In order to solve the above-mentioned problems, according to the present invention, there is provided a display device having a flat panel structure of a folding structure in which a display screen for a display device is divided into a plurality of sheets, and the display device is divided as described above. A prism sheet is inserted in each display unit so that a display image can be seen to be shifted on the divided display unit side.

[0023]

In the foldable plasma addressed display device 10 shown in FIG. 1, each of the display units 10A and 10B is configured to be openable and closable by a hinge mechanism 21.
Prism sheets 31A and 31B are arranged on the upper substrates 4A and 4B of 0A and 10B, respectively.

The prism sheets 31A and 31B are arranged so that the images transmitted through the prism sheets 31A and 31B are shifted toward the bonding region 16 side as shown in FIG.
Protrusions 40A and 40B are formed on the light emitting surfaces of 1A and 31B. As shown in FIG. 3, the distance d to be shifted is mainly the thickness L1 of the prism sheet and the distance L to the light sources p and q.
Depends on 2.

If the prism sheets 31A and 31B are used, the display image can be viewed in a state of being shifted (biased) in the direction shown by the broken line as shown in FIG. 6A, so that the joining region 16 becomes inconspicuous. It is possible to enjoy the large screens displayed on the display units 10A and 10B without having to worry about the joining region 16.

[0026]

DETAILED DESCRIPTION OF THE PREFERRED EMBODIMENTS Next, a case where an example of a folding flat panel display device according to the present invention is applied to the above-mentioned plasma address display device will be described in detail with reference to the drawings.

Plasma addressed display device 10 shown in FIG.
Is composed of a pair of left and right divided display units 10A and 10B, each of which is configured to be foldable by a hinge mechanism 21 provided on the lower surface of the main body.
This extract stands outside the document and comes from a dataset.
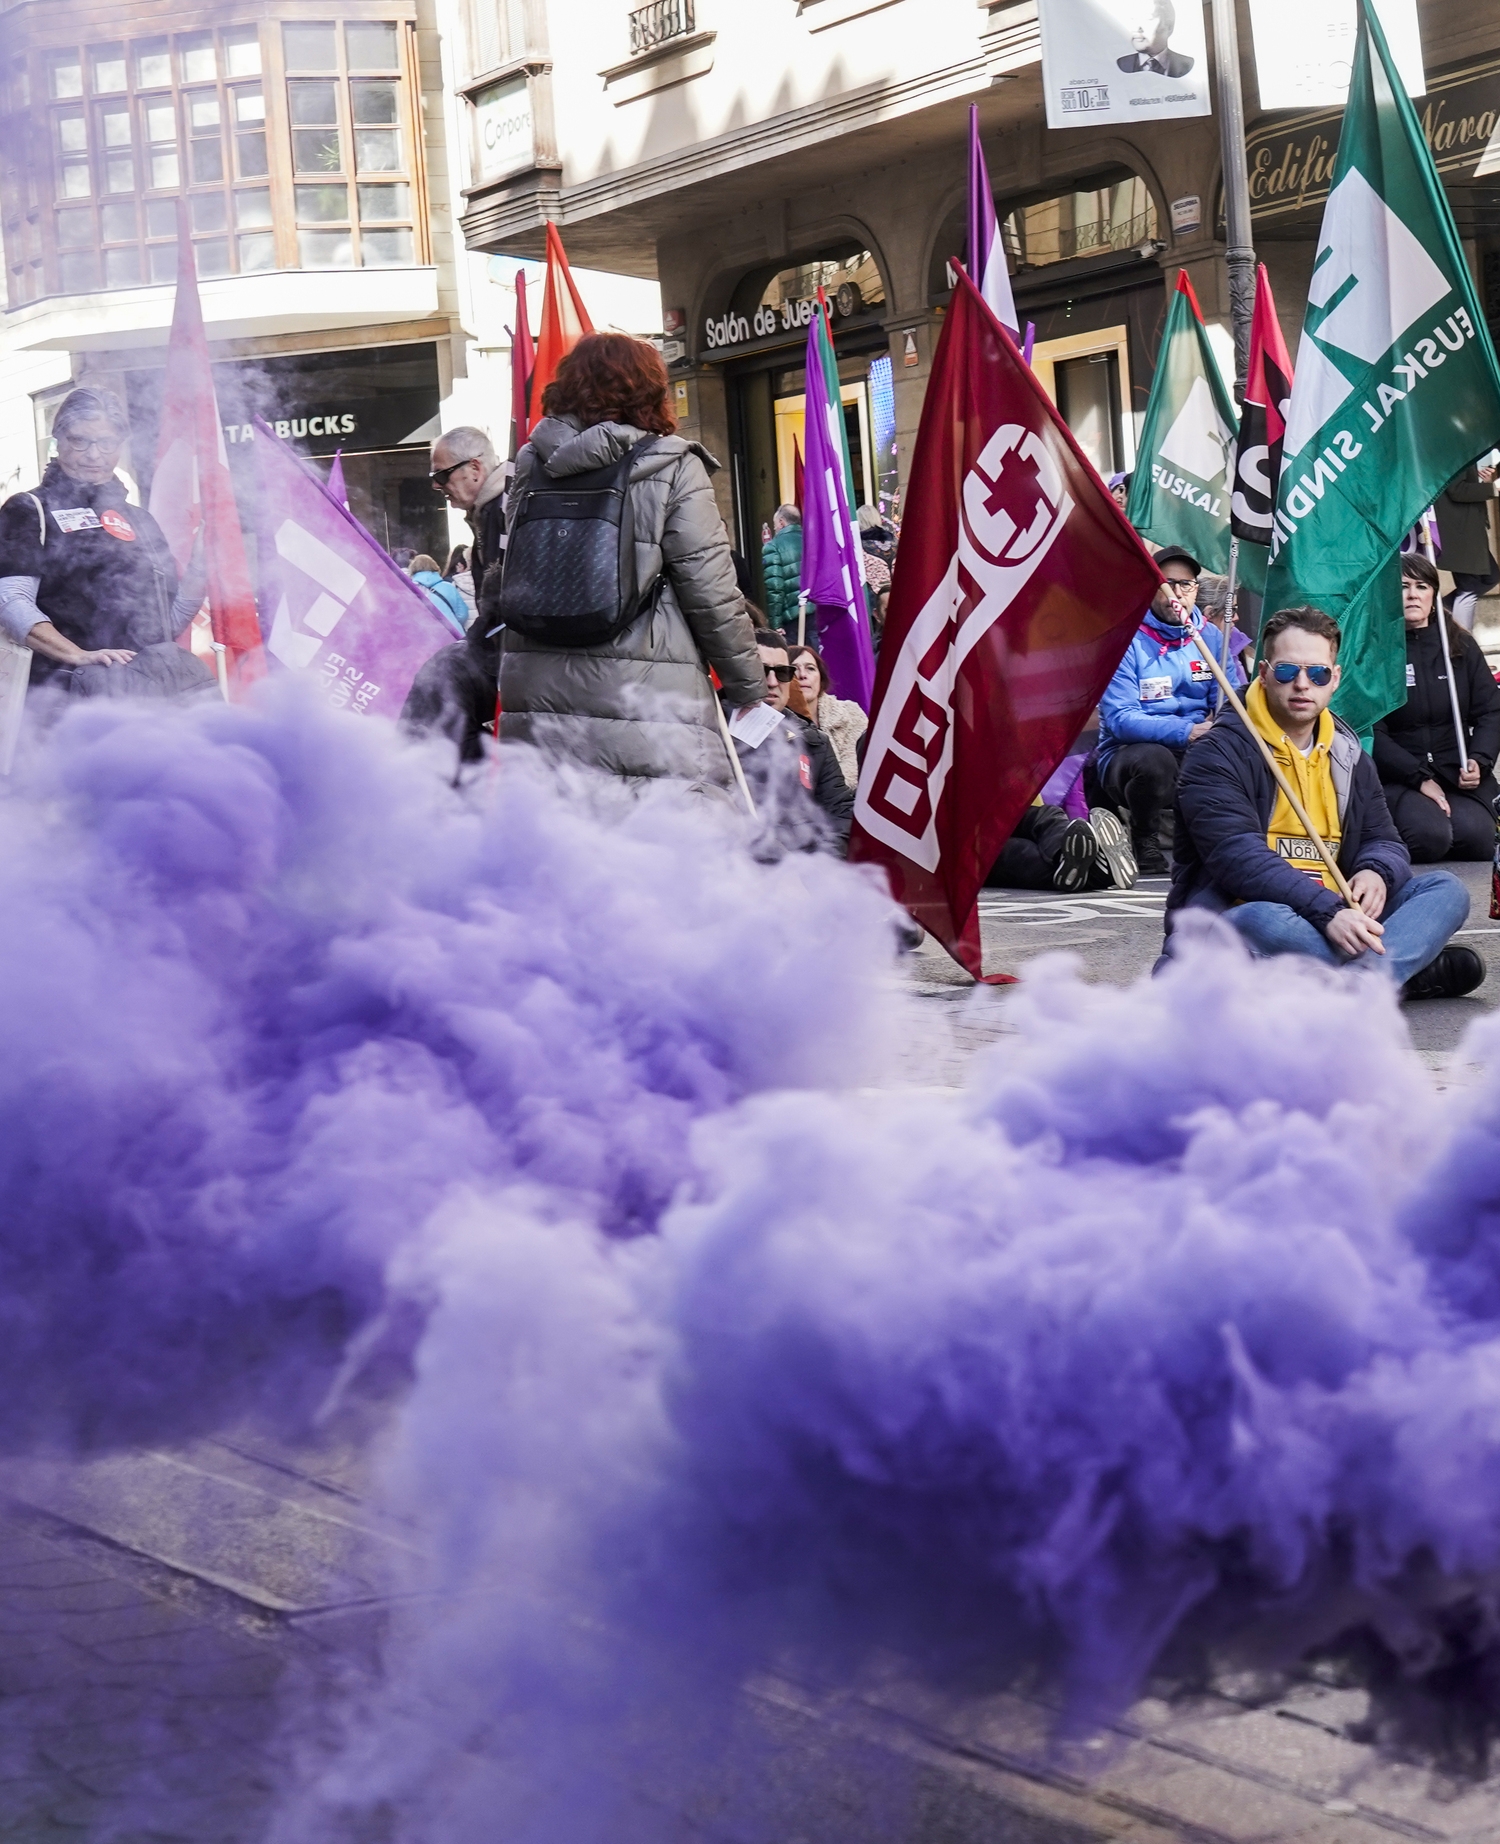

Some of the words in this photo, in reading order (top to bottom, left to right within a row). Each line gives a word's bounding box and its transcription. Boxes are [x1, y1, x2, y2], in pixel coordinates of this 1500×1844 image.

[705, 311, 750, 348] Salón
[753, 304, 776, 337] de
[222, 413, 356, 444] TABUCKS
[1151, 463, 1222, 517] EUSKAL
FIG. 1 shows a state in use. At this time, the display screen is doubled as in FIG. 6A. Display 1 when not in use
Since 0A and 10B are folded as shown in FIG. 2, the size is almost half that of FIG.
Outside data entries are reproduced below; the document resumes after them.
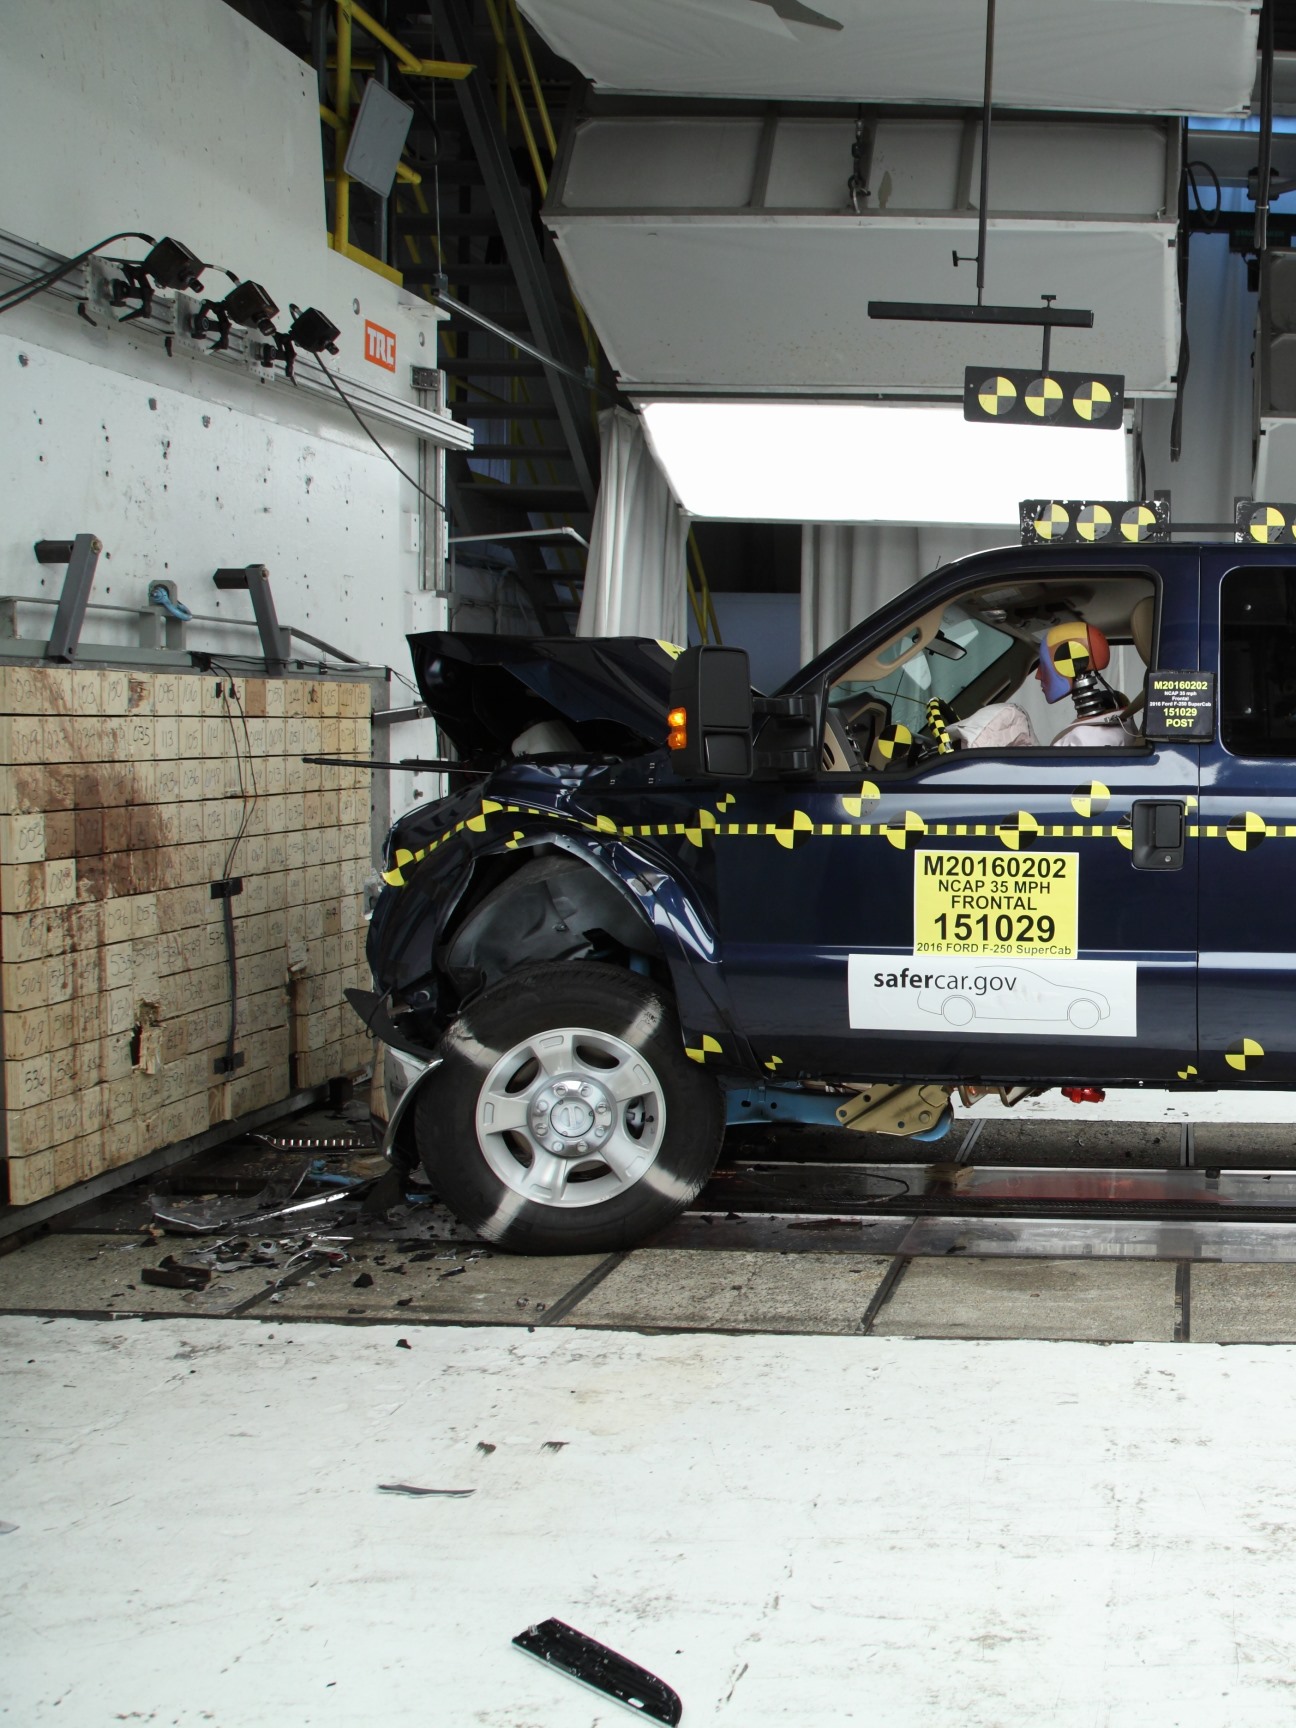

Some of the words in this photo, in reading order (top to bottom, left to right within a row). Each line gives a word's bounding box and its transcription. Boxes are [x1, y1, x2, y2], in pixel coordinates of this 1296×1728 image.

[1154, 681, 1208, 690] M20160202
[1163, 708, 1198, 717] 151029
[1165, 719, 1195, 728] POST
[133, 725, 151, 746] 035
[161, 730, 174, 748] 113
[924, 856, 1066, 879] M20160202
[938, 879, 985, 893] NCAP
[990, 880, 1009, 894] 35
[1014, 881, 1051, 894] MPH
[951, 895, 1037, 911] FRONTAL
[934, 913, 1055, 942] 151029
[917, 943, 943, 952] 2016
[946, 943, 979, 953] FORD
[982, 944, 1013, 954] F-250
[1016, 945, 1072, 957] SuperCab
[873, 967, 1017, 996] safercar.gov
[25, 1067, 46, 1092] 536
Since the display units 10A and 10B have the same structure, only the structure of the display unit 10A will be described. FIG. 1 is a cross-sectional view of a display device 10. A linear light source (for backlight) 23A is housed on the left side of a device body (case) 22A.
A light guide plate 24A having a predetermined thickness is arranged on the bottom surface of the apparatus main body 22A so as to approach A. The light guide plate 24A has almost the same size as that of the plasma cell 2, its upper surface is flattened, and a light diffusion plate 25A is attached to this flattened upper surface, so that the light is uniformly diffused over the entire cell lower surface. And transmitted to the upper side.

A hollow mounting plate 27A having a predetermined thickness and a central portion cut off is attached to the upper end surface side of the apparatus main body 22A, and the plasma address display portion 10A is mounted on the upper surface of the hollow mounting plate 27A. ′ Is placed and fixed. The plasma address display portion 10A 'has the same structure as that shown in FIG. 10 and has a display cell 1A and a plasma cell 2A. The specific configuration is omitted and only the main configuration is shown. 7A is a lower substrate and 4A is an upper substrate.

Since the lower substrate 7A is larger than the upper substrate 4A and the lower substrate 7A extends to the side of the bonding area 16 as well, there is some space between the lower substrate 7A and the sealing plate 28A as shown in the figure. . On the upper surface of the upper substrate 4A, a prism sheet 31A called a micro prism or a prism array film as shown in the figure is attached. The prism sheet 31A changes the optical path of the display image so as to shift to the side of the bonding region 16.

Although the structure of the prism sheet 31A will be described later, a transparent and thin protective plate 33A made of, for example, acrylic is adhered to the upper surface of the prism sheet 31A. The periphery of the prism sheet 31A is fixed by hollow fixing plates 34A and 35A having a predetermined thickness. 13 is a makeup case that also serves as protection.

The abutting end face of the display portion 10A on the side of the joining region 16 is entirely sealed by a sealing plate 28A having a predetermined thickness and strength. The other display unit 10B is also configured in the same manner, and both are connected by the butterfly mechanism 21, and in a normal use state, it becomes as shown in FIG. 1, and at this time, the display screen doubles as in FIG. 6A. . Therefore, in the use state of FIG. 6A, the aspect ratio of the screen is, for example, exactly the aspect ratio of the landscape screen (16: 9).
The aspect ratio of the display units 10A and 10B alone is set. Since the display device 10 is folded as shown in FIG. 2 when not in use, the size of the display device 10 itself is almost half of that in FIG.

The prism sheets 31A and 31B used for the display portions 10A and 10B have the structure as shown in FIG. In this example, optical polyester films are used as the bases 45A and 45B, and an upper surface of the bases has a shape of an isosceles right triangle, and a plurality of ridges 40A and 40B having a function as a prism are formed so as to be continuous with each other. In this example, the top is formed at 90 °. The film bases 45A and 45B are 100 to 200
The thickness is μm, and the distance between the tops of the protrusions 40A and 40B is selected to be 50 μm.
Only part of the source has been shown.